Fiche technique :
Avec Tony Leung Chiu Wai, Leslie Cheung et Chang Chen. Réalisé par Wong Kar-Wai. Scénario de Wong Kar-Wai. Compositeur : Danny Chung.
Durée : 96 mn. Disponible en VO et VOST.
Résumé :Deux amants, Lai et Ho, quittent Hong Kong pour l'Argentine. Leur aventure tourne mal et ils se quittent. Lai retourne à Buenos Aires et travaille comme aboyeur dans un bar de tango pour économiser l'argent de son retour à Hong Kong. Ho réapparait et s'intalle chez Lai. Il trouve du travail dans un restaurant chinois où il rencontre Chang, qui vient de Taiwan.L'avis de Philippe Serve :Réalisé entre Les Anges déchus (1995) et In the Mood for Love (2000) qui consacrera définitivement dans le monde entier son réalisateur, Happy together frappe fort en 1997, remportant le Prix de la mise en scène au Festival de Cannes.
Certains critiques ont parlé, à juste titre me semble-t-il, de « film de chambre ». Tout en conservant sa patte très personnelle s'exprimant notamment en quelques vues accélérées (le trafic en ville avec une horloge géante dont les chiffres des minutes défilent à toute allure), quelques ralentis annonçant ceux, plus sublimes encore de In the Mood for Love, les éternelles fumées de cigarettes, la photo dont la brillance est amplifiée par l'usage de pellicule à haut contraste, des images 16-mm filtrées, des séquences coloriées et aussi de subtiles arrêts sur images, si brefs qu'ils en sont presque subliminaux, Wong Kar-Wai réussissait une avancée importante dans une œuvre remarquablement cohérente. On retrouve en effet ses thèmes de prédilection: la solitude, l'amour désiré et impossible, la perte, la mélancolie, la nostalgie, le Temps... Pas très gai, tout ça ? Non, c'est vrai et pourtant les films de WKW ne sont jamais déprimants. Par quel miracle ? Sans doute car il sait, en dernière minute et mieux que personne, laisser une fenêtre (même minuscule) ouverte à l'espoir… Ici, l'espérance apparaît à la toute dernière séquence, brillantissime: Fai, dont le retour à Hong-Kong est filmé en accéléré, esquisse sur son visage un sourire de renaissance, le dernier plan du train arrivant en gare se figeant en arrêt sur l'image… Une gare, symbole d'arrivée (et ici de retour) mais aussi promesse de nouveaux départs…

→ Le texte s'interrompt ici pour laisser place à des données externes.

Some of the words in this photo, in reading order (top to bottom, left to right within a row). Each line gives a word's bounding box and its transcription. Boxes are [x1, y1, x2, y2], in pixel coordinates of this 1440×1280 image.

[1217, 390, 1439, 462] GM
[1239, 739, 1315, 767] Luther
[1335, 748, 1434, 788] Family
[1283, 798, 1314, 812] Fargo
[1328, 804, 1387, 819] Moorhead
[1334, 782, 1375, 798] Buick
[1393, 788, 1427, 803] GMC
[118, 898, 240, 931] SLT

Comme dans tous ses autres films, WKW filme la ville où se débattent ses personnages, surtout la nuit. La surprise vient de le voir filmer Buenos Aires exactement comme il le fait de Hong-Kong, ce qui tend bien sûr à abolir les distances aussi bien géographiques, spatiales, qu'humaines, transformant ce qui est montré sur l'écran en histoire universelle… Histoire aussi de faire sentir qu'ici ou là-bas, il n'y a pas d'échappatoire à un amour qui se meure… Autre explication à l'universalité du film: le refus (déclaré) de WKW de faire « un film gay » et donc de céder à la « gay attitude » trop souvent à la mode. Ce qu'il nous montre est juste un couple, peu importe leur sexe respectif (si j'ose dire…) : « Ce film n'est pas seulement sur deux hommes mais sur la relation humaine, la communication humaine et les moyens de la maintenir ; ce sont deux hommes mais ça pourrait être n'importe quel autre couple... » (WKW, Conférence de Presse, Cannes, 17/05/97).

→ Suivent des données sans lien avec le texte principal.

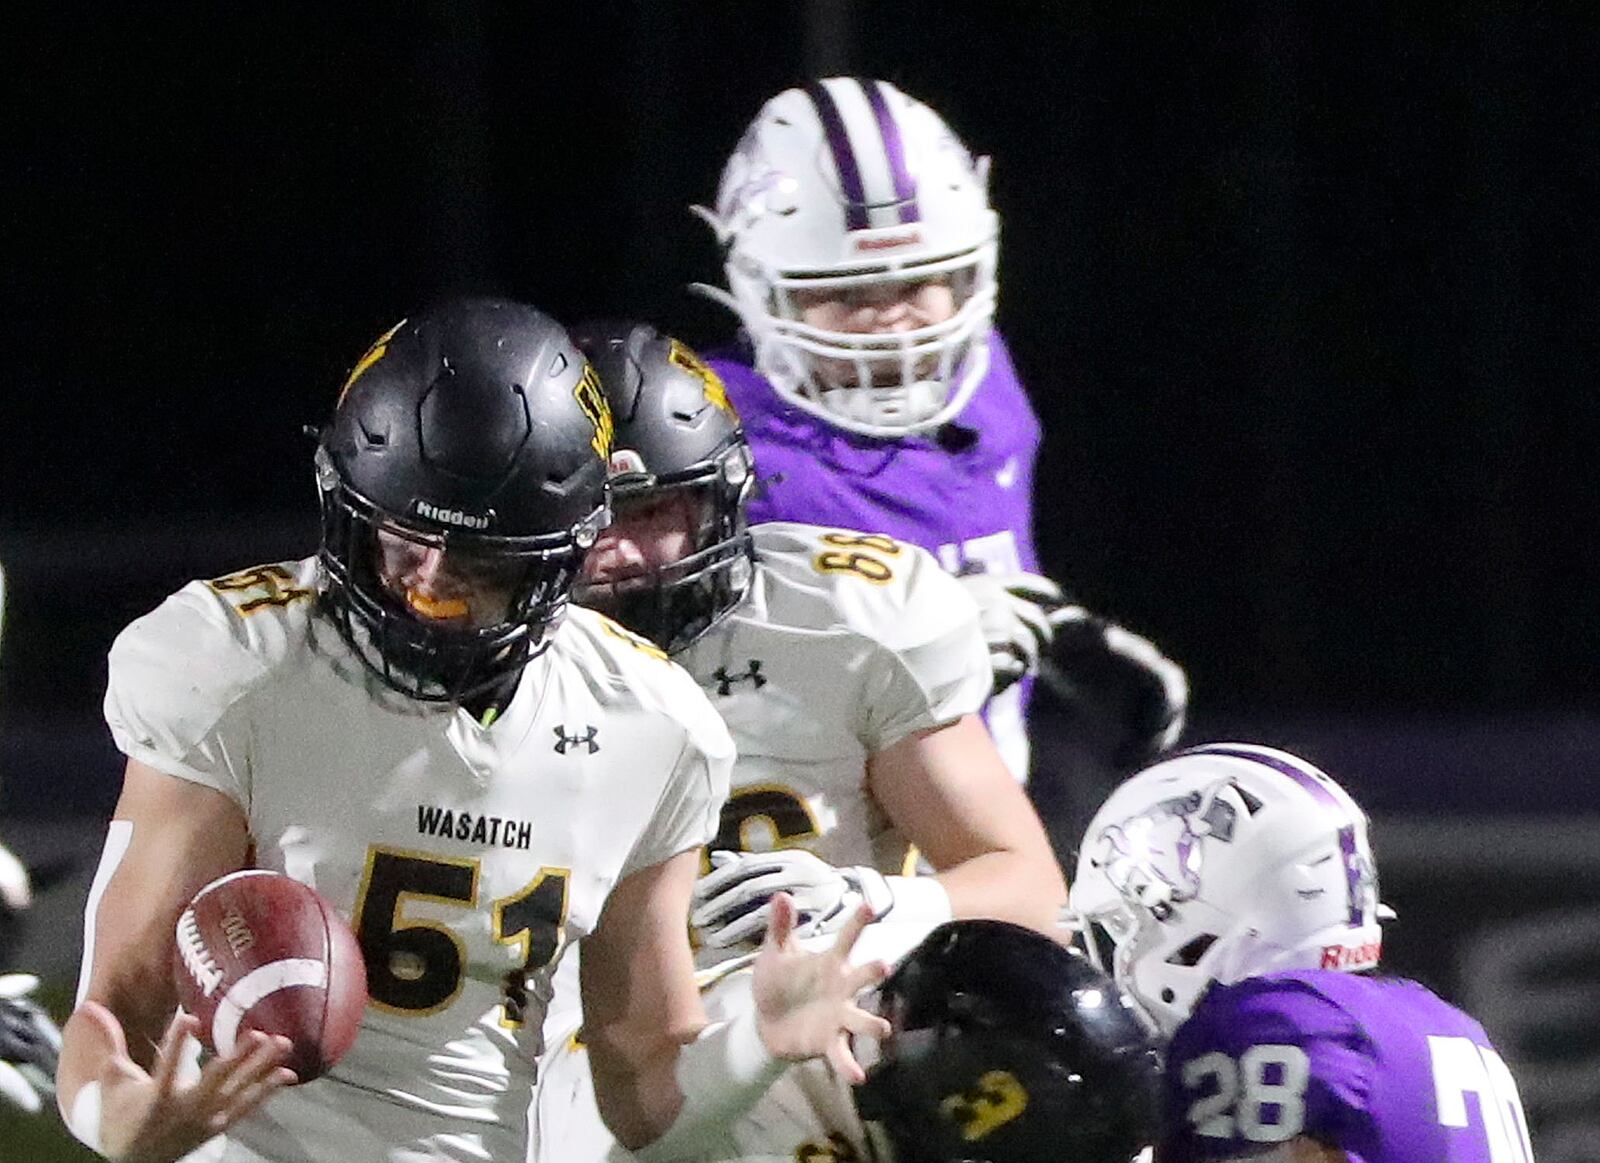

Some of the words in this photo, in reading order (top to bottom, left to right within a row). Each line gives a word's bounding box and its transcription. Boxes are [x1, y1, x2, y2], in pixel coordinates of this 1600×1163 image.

[417, 804, 532, 850] WASATCH
[351, 843, 572, 1029] 51
[1182, 1044, 1311, 1142] 28

Je faisais allusion à la présence, ô combien importante, de l'un des thèmes de prédilection de WKW : la solitude. Ici, à la solitude affective et sexuelle habituelle vient s'ajouter celle des immigrés que sont Fai et Po-Wing. Ni l'un ni l'autre n'ont d'amis argentins, les seuls qu'ils rencontrent étant des partenaires sexuels de passage dans des toilettes publiques ou au cinéma porno…
Si Happy together reste un magnifique exercice sur le plan formel, WKW « esthétise » moins ici (on ne trouve quasiment plus d'images déformées par des focales « œil de poisson ») qu'il ne l'avait fait dans ses trois films précédents: Les Cendres du Temps, Chungking Express et Les Anges déchus, ce dernier apparaissant comme le point d'orgue d'un style alors poussé à son extrême et qui commençait d'ailleurs à être copier ici ou là…
Ni poursuite aveugle du style, ni rupture, Happy together fut bien le chaînon qui devait mener à l'apothéose de In the Mood For Love. La bande son en est un parfait exemple: aux morceaux de Frank Zappa viennent s'ajouter les tangos d'Astor Piazzolla (« Je choisis ma musique de façon très exacte. La musique est là pour représenter la ville. Le film est un tango. » WKW, id.), pont musical menant aux irrésistibles mélodies latinos de son film suivant…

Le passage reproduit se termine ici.